Geddy, our twelve-year-old stepbrother, Mama Laura’s gift to the family. “He seems to be dealing with it,” Aaron said, “but Geddy’s a puzzle.”

“Tell Grammy Fisk I’ll be there by tomorrow morning.” I would have to rent a car. But the drive was only five hours, if the border crossing didn’t slow me down.

“She says not.”

“Who says not?”

“Grammy Fisk. She said to tell you not to come.”

“Those were her words?”

“Her words were something like, You tell Adam not to mess up his schoolwork by running down here after me. And she’s right. She’s hardy as a hen. Wait till end of term, would be my advice.”

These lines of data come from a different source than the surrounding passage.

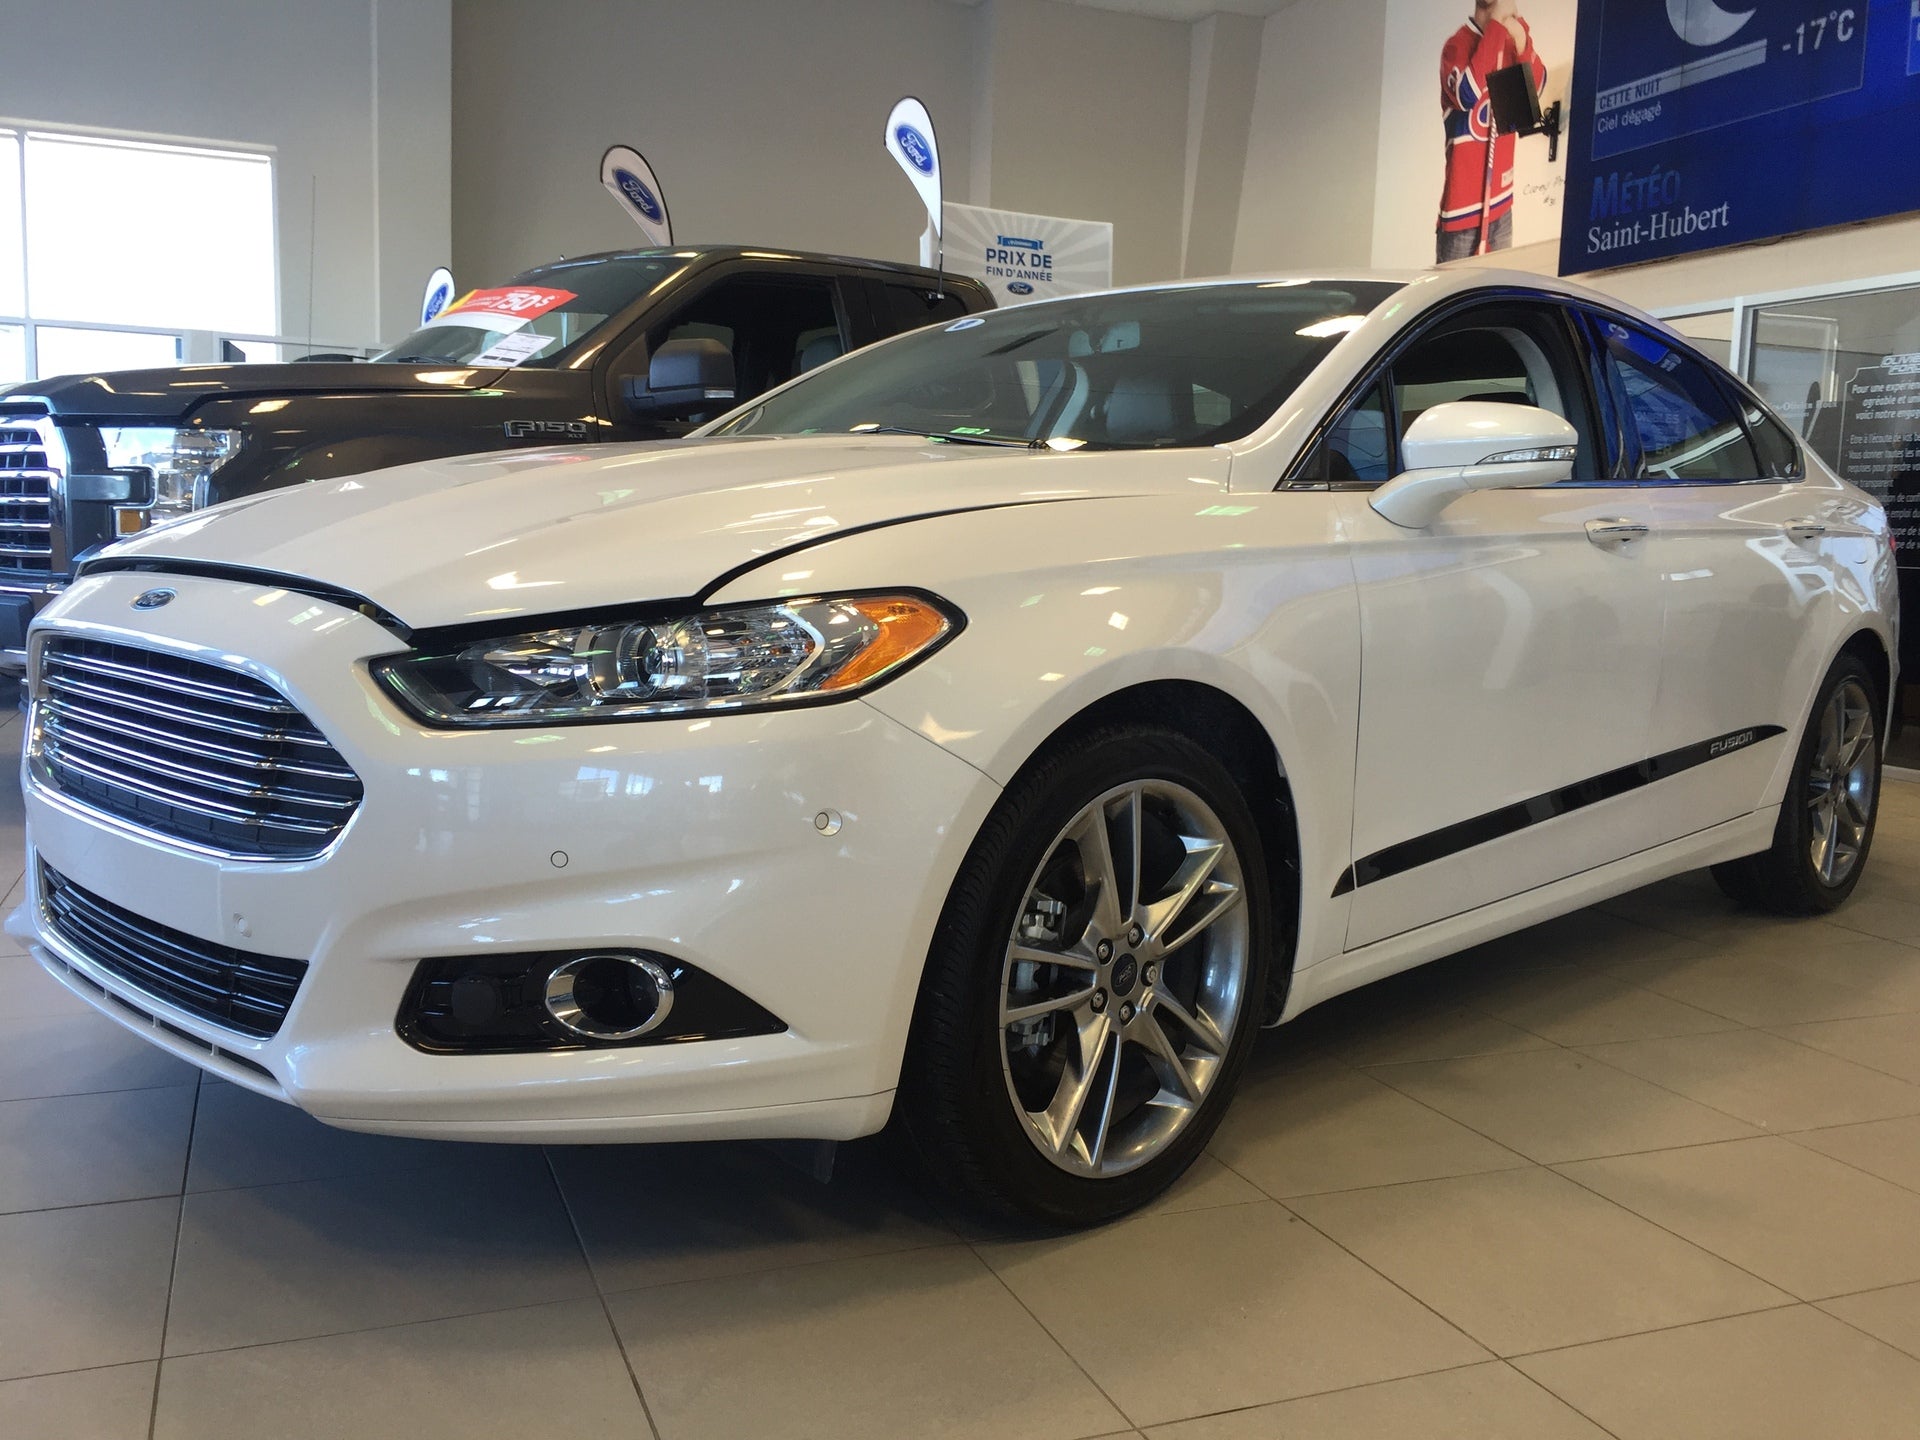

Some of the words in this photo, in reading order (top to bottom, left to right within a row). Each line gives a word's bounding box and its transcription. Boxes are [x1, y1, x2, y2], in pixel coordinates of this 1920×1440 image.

[1600, 86, 1631, 110] CETTE
[1635, 78, 1663, 99] NUIT
[1597, 113, 1618, 133] Ciel
[1621, 101, 1662, 126] dégagé
[1589, 164, 1681, 221] MÉTÉO
[1587, 201, 1730, 254] Saint-Hubert
[986, 248, 1026, 267] PRIX
[1031, 253, 1052, 269] DE
[986, 266, 1004, 277] FIN
[1006, 267, 1053, 282] D'ANNÉE
[1709, 730, 1753, 755] FUSION
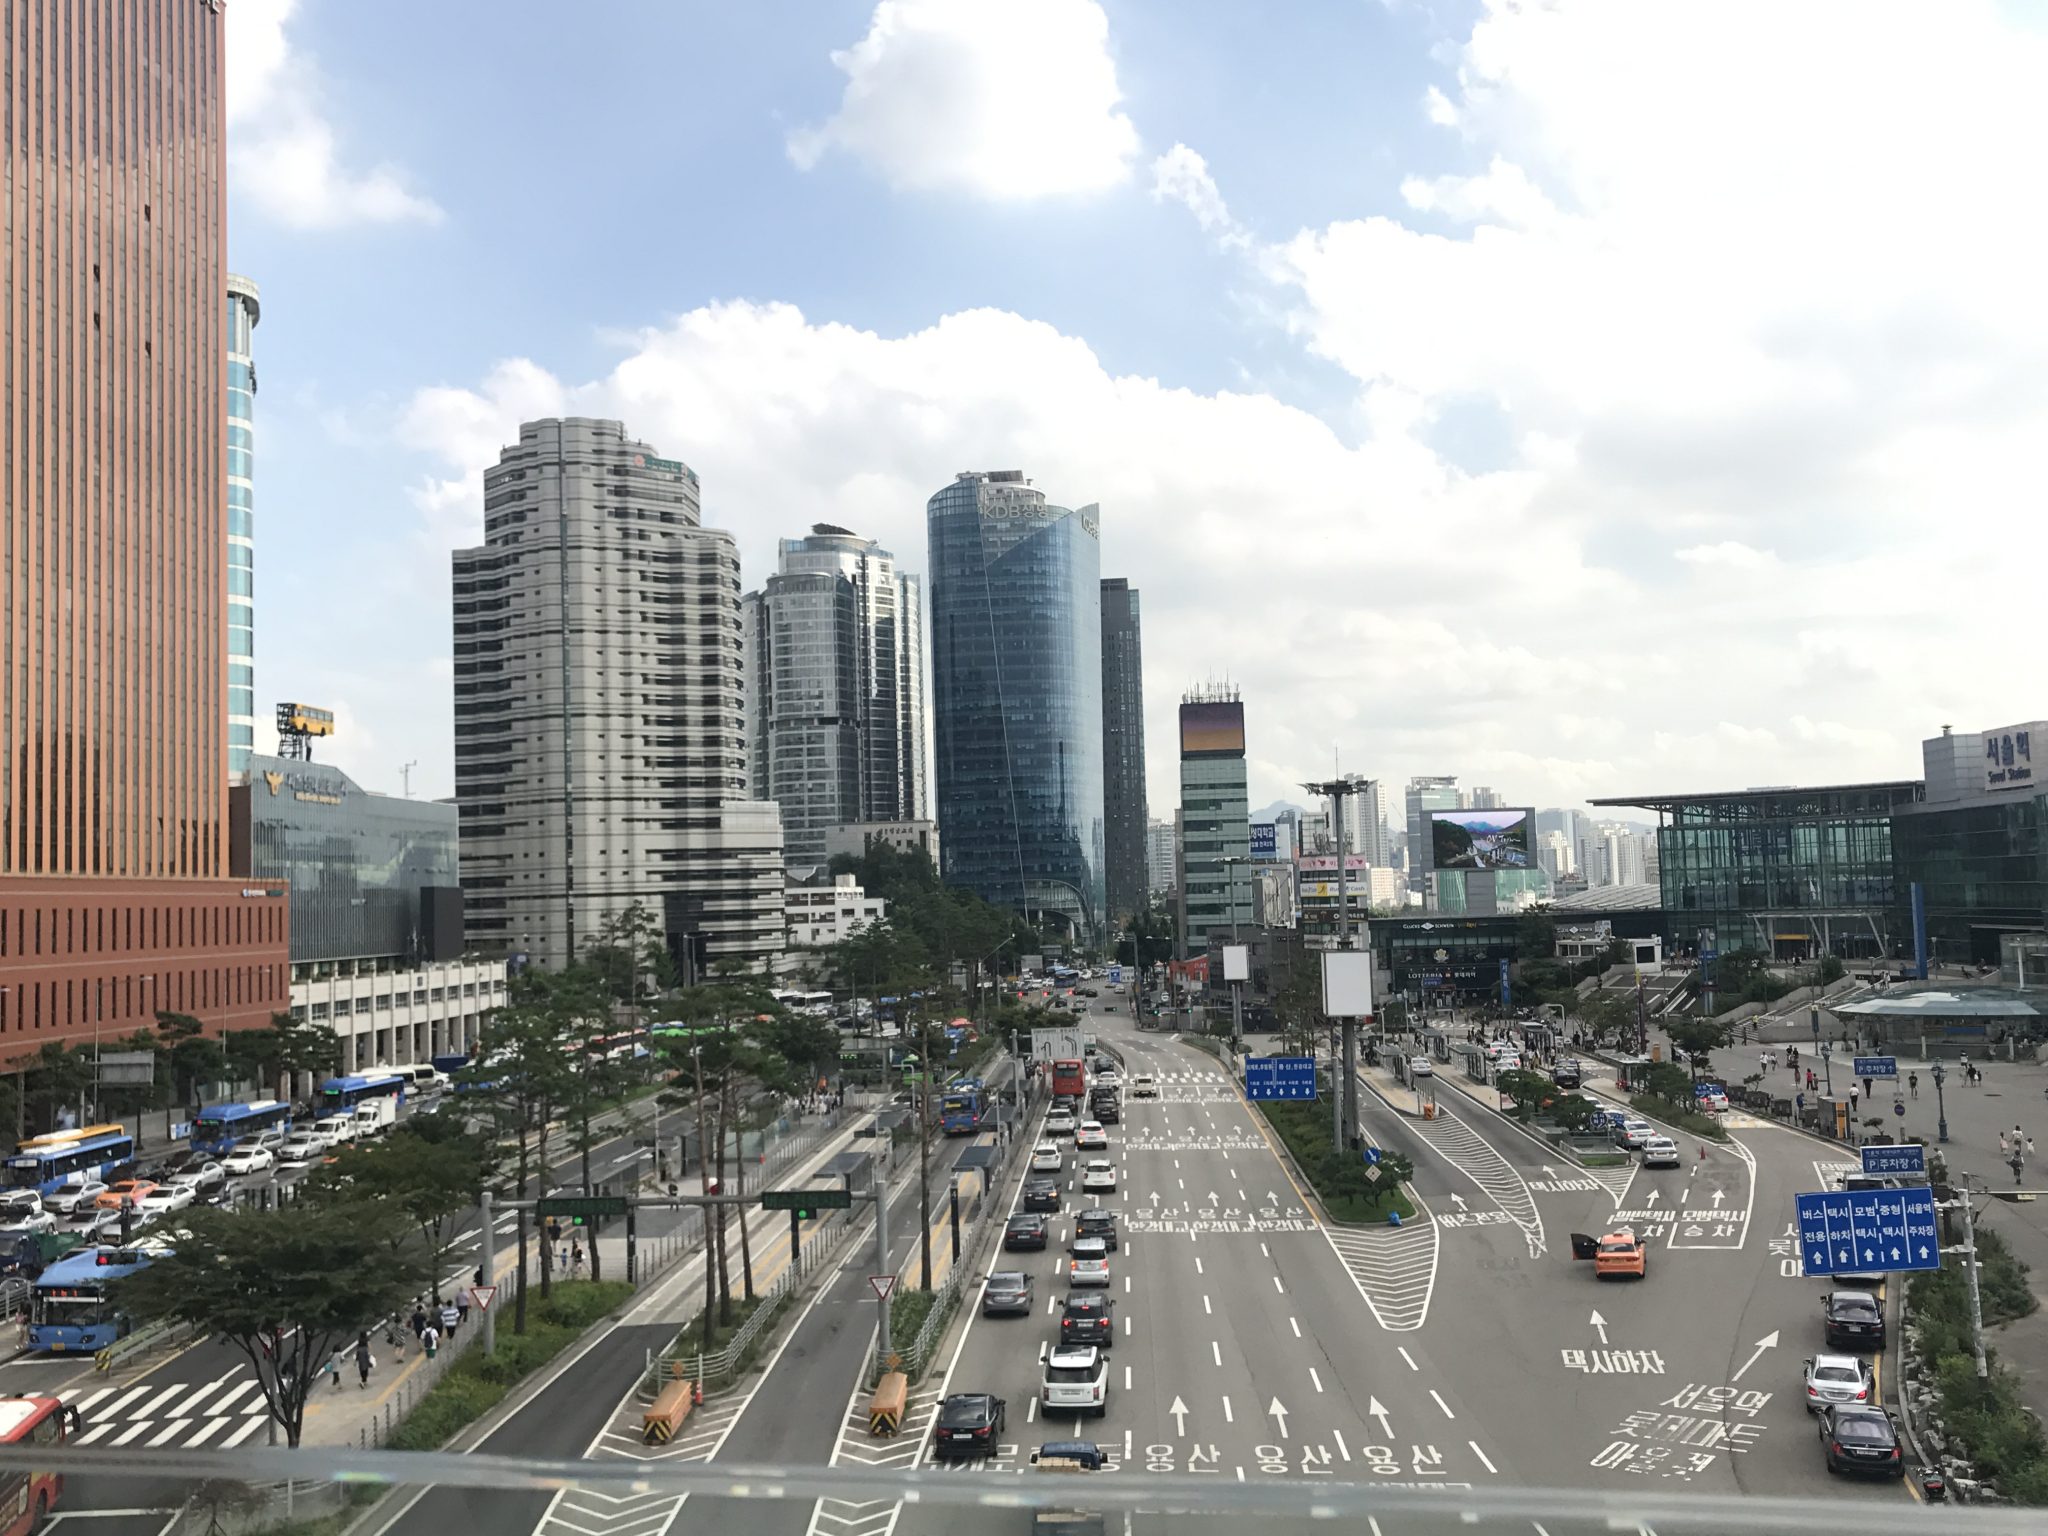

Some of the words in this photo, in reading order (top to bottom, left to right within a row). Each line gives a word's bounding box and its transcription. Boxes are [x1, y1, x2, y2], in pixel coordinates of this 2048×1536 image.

[984, 504, 1048, 519] KDB생명
[1987, 732, 2031, 766] 서울역
[1988, 768, 2006, 785] Seoul
[2008, 766, 2031, 781] Station
[1866, 1065, 1886, 1073] 주차장
[1869, 1160, 1876, 1169] P
[1879, 1158, 1910, 1170] 주차장
[1528, 1178, 1600, 1193] 택시하차
[1437, 1210, 1513, 1228] 버스전용
[1613, 1210, 1676, 1222] 일반택시
[1681, 1210, 1746, 1222] 모범택시
[1802, 1209, 1824, 1220] 버스
[1827, 1207, 1849, 1219] 택시
[1854, 1206, 1876, 1217] 모범
[1880, 1204, 1901, 1215] 중형
[1907, 1203, 1932, 1215] 서울역
[1128, 1219, 1189, 1233] 한강대교
[1192, 1219, 1256, 1233] 한강대교
[1257, 1218, 1319, 1232] 한강대교
[1804, 1231, 1826, 1243] 전용
[1830, 1229, 1851, 1241] 하차
[1855, 1227, 1877, 1239] 택시
[1882, 1226, 1904, 1237] 택시
[1909, 1225, 1934, 1236] 주차장
[1561, 1349, 1665, 1374] 택시하차
[1659, 1383, 1774, 1417] 서울역
[1609, 1410, 1767, 1453] 롯데마트
[1145, 1443, 1221, 1473] 용산
[1255, 1444, 1334, 1474] 용산
[1363, 1445, 1448, 1475] 용산
[1590, 1441, 1716, 1481] 아울렛
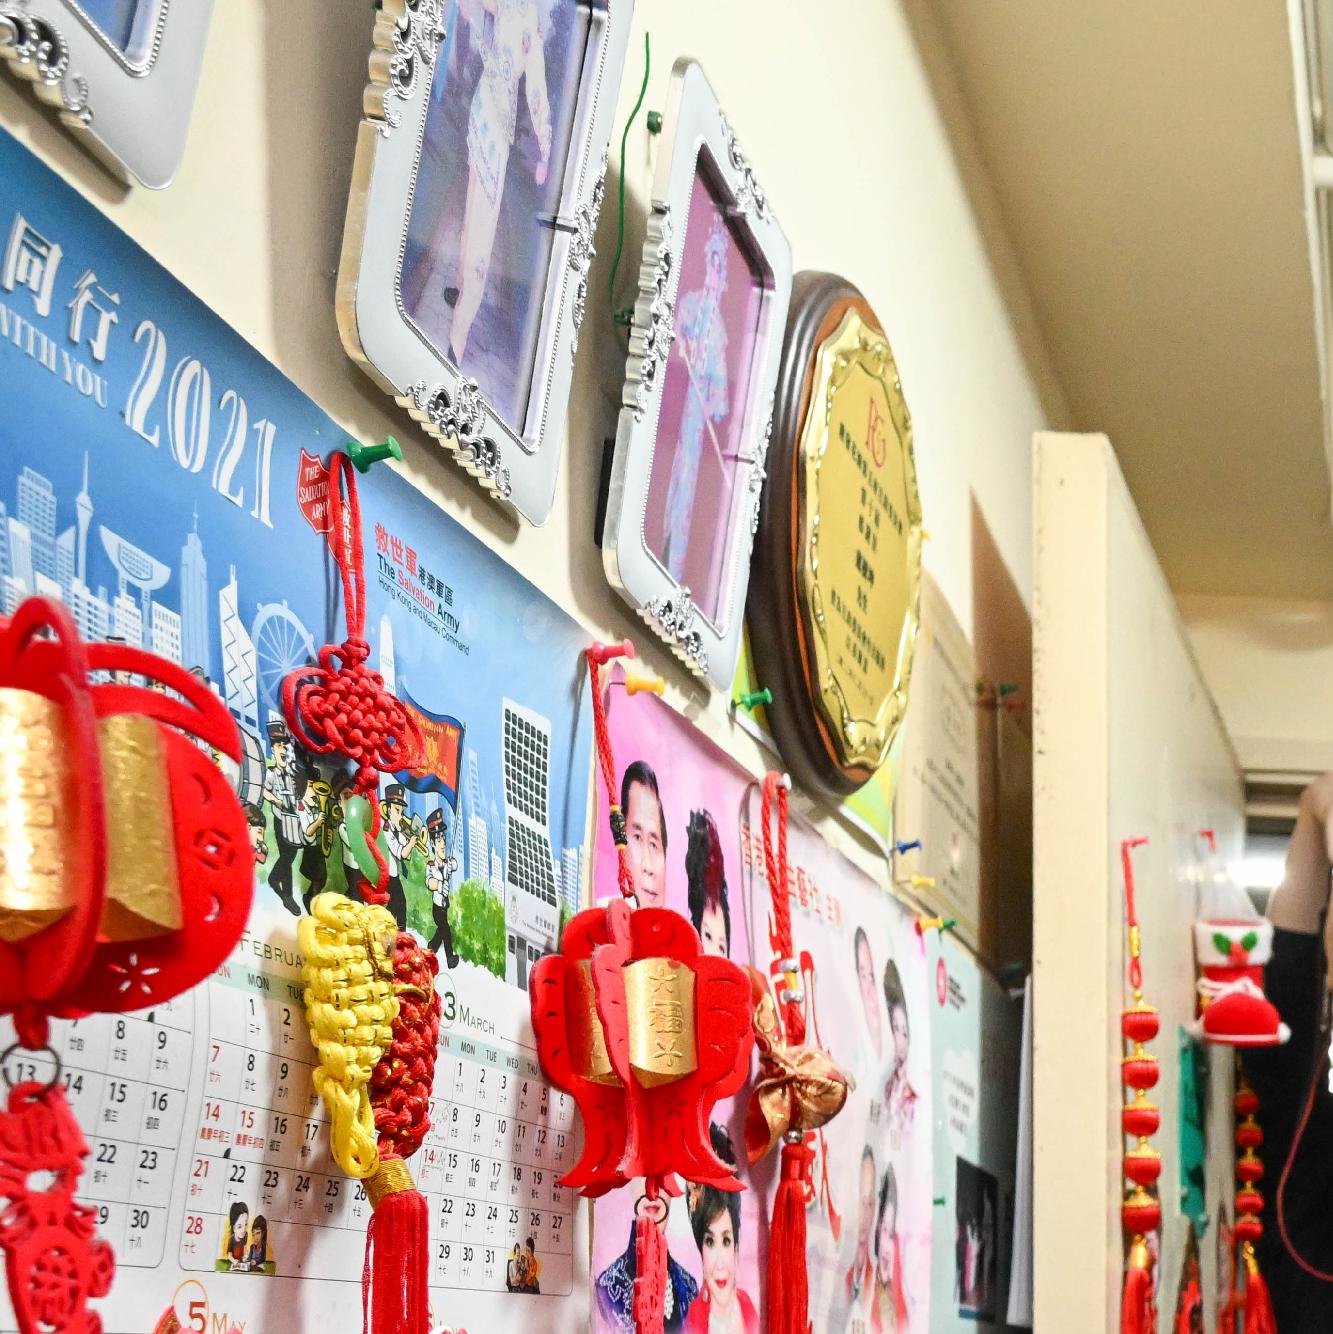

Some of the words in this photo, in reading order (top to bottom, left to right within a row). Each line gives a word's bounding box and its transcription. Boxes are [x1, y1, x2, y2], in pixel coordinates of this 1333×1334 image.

Maybe, but I would have to hear it directly from Grammy Fisk.

“You’ll be paying us a visit sometime in the next couple of months anyway, right?”

“Right. Absolutely.”

“All right then. I’ll put Dad on. He can fill you in on what the doctors are saying.”

*   *   *

My father spent ten minutes repeating everything he’d learned about the nature and function of the gallbladder, the sum-up being that Grammy Fisk’s condition was non-trivial but far from life-threatening. By that time she was awake and able to pick up the bedroom extension. She thanked me for my concern but urged me to stay put. “I don’t want you ruining the education I paid for, just because I had a bad night. Come see me when I’m feeling better. I mean that, Adam.”